Hukukta "olan'la, "olacak olan"ı birbirinden ayrı tutmak çağımızın hukukçuluğu değildir. Hukuk, geleceğini de kendi içinde oluşturan bir bilim koludur. Bugünün uygulaması, geleceğin teşhisini savsayamaz. Bu nedenle "olan"la "olacağın" ayrılmaması, görevin yapısından gelen özelliğidir. "Hukuk Dinamizmi" nin ve aranan "Dinamik Hukukçuluk"un temeli budur.
5) Olaylara Yaklaşım: Hemen her ülkede Hukuk Fakülteleri teorik araştırmalar merkezi haline geldi. Toplumun yaşayan yönünden uzaklaştılar. Yargılamada görev alanlar ise, olaylara ve olayların sosyal Özüne inmek zorunda kaldılar. Bu özelliğin, "Soyut Hukuk Kuralları" dışında "Yaratıcı İçtihad"a olanak sağlaması -belki de- zorunluluk getirmesi olağandır.

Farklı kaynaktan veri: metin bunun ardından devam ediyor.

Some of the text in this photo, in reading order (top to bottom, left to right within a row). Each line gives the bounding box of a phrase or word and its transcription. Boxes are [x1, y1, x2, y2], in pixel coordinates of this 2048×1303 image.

"Yürütmenin hiç bir eylem ve işleminin Yargı Denetimi dışında kalamayacağı" kuralı "Hiçbir toplumsal olayın Yargının değerlendirmesi dışında kalamayacağı" isabetine dönüşmüştür. Bu gerçek, Türk Yargıcına ve Avukatına daha büyük ve soylu bir görev ve aynı zamanda pek büyük ve pek ağır bir sorumluluk yüklemektedir.

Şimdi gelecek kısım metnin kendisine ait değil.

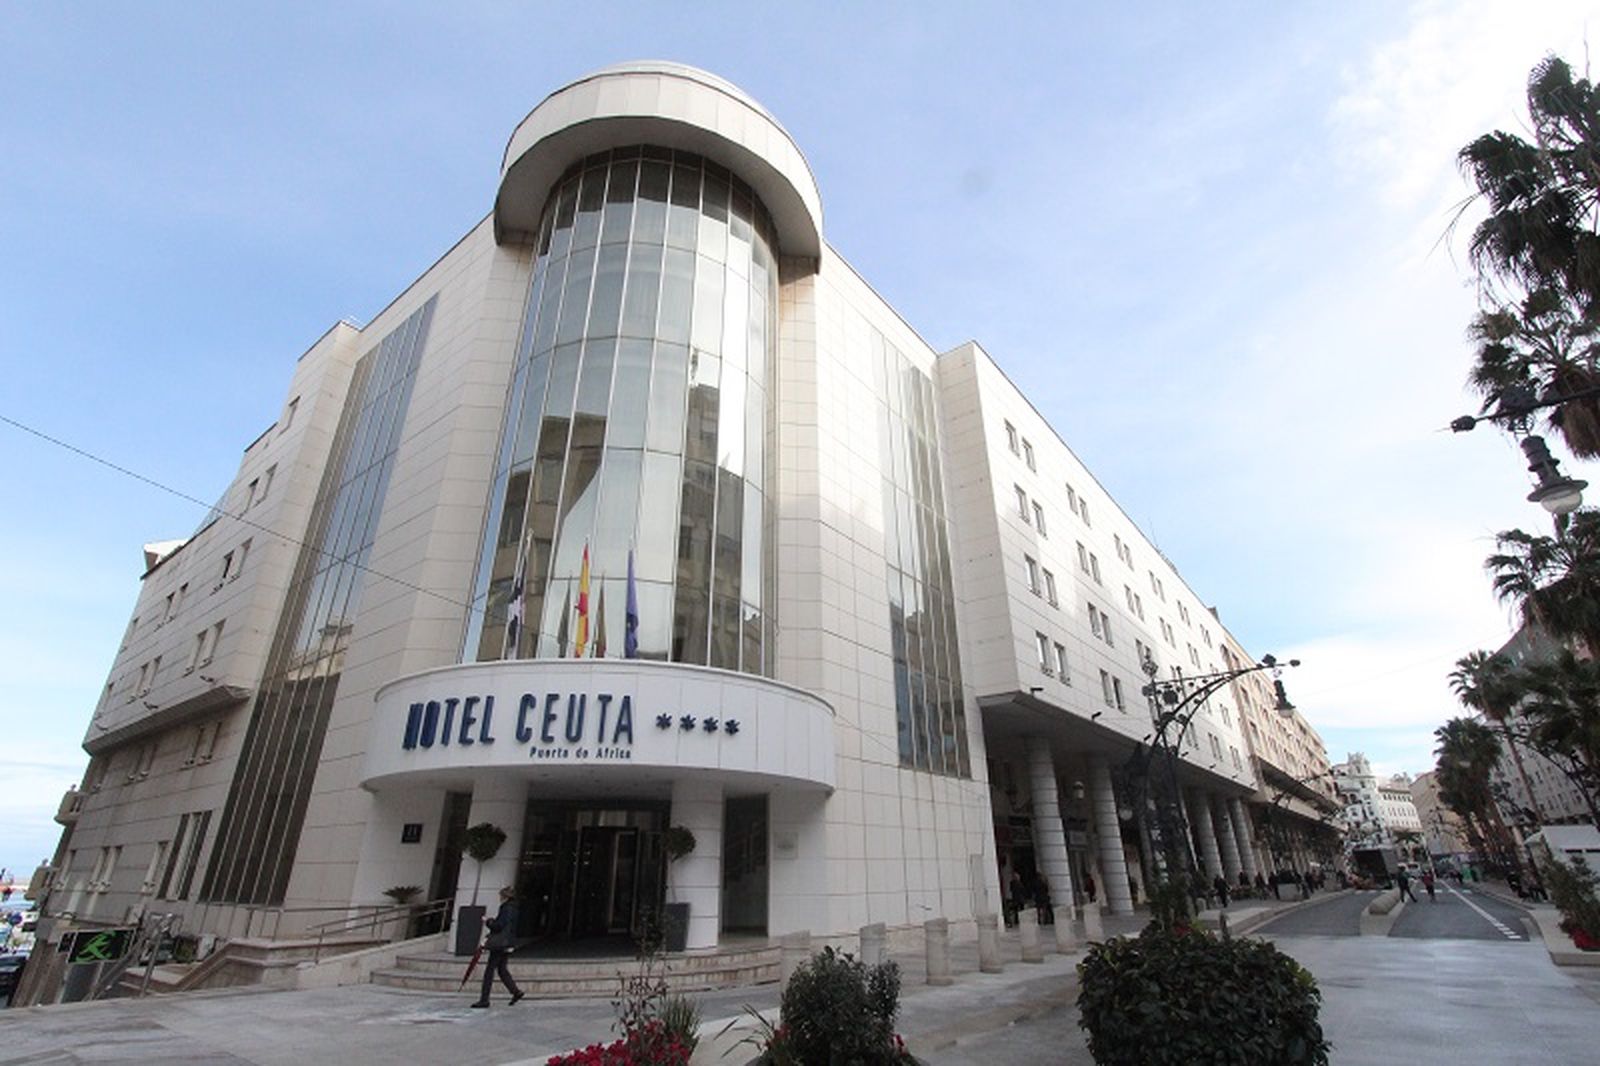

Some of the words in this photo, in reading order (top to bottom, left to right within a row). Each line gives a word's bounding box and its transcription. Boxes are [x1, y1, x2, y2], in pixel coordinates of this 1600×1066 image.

[402, 695, 496, 751] HOTEL
[515, 693, 633, 745] CEUTA
[529, 746, 568, 759] Puerta
[576, 747, 588, 759] de

6) Doğmatik Hukuktan Uzaklaşma: Hukukun, toplumun gerisinde, biçimselliğe, tutuculuğa indirgeli kalmamasını, her ülkede Yargıçlar ve Avukatlar sağlamışlardır. Toplum yaşadıkça değişecektir. Bu süreci karşılayamayan düşünceler hukukun dışında kalır.
Gelişmekte olan ülkelerde "Doğmatik Hukuk" ile toplumsal aşamaların çatışmasını sadece yargının "İlerletici Yorumu" başarı ile çözebilir. Yüksek mahkemelerimizin bazı kararları bu gerçeğin bilincini yansıtmaktadır. Demokrasimizin yaşamında Yargı en ön saftaki yerini hiçbir dönemde terketmedi.

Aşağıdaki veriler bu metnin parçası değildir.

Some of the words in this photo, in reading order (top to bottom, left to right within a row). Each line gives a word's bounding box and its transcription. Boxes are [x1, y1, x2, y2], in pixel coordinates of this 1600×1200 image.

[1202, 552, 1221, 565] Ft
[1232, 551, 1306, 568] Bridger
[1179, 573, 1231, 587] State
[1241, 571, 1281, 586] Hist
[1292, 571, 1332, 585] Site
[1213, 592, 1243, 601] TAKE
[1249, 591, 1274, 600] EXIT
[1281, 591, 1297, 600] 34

Gelişmemiş veya gelişmekte olan ülkelerdeki "Hukukçunun görevi"nin gelişmiş ülkelerdeki görevinden başkalığı üzerinde artık hiçbir tartışma yapılmamaktadır.
Gelişmiş ülkeler hukukçularının rahatlığına özenmenin ve buna göre davranmanın sakıncalarını veya buna ulaşamamış olmanın umut kırıcılığına düşmenin anlamsızlığını görebilmek için gelişmekte olan Ülkeler Hukukçularının yaptığı ortak toplantıların, Milletlerarası kongrelerin (Delhi, Bangkok toplantıları gibi) sadece tutanaklarına bakmak bile yeterlidir.
Gelişmekte olan ülkemizin kalkınma sorunlarının çözümünde hukukçularımıza büyük görevler ve sorumluluklar düşmektedir.
Dördüncü Beş Yıllık Plan çalışmalarının sonuçlandırılmak üzere bulunulduğu şu günlerde,
uzun vadeli plan hedeflerinin tüm yurt düzeyinde dengeli, adil, güvenli bir toplumun koşullarını yaratmaya yönlendirilmesi zorunluluğuna özellikle değinmek isteriz.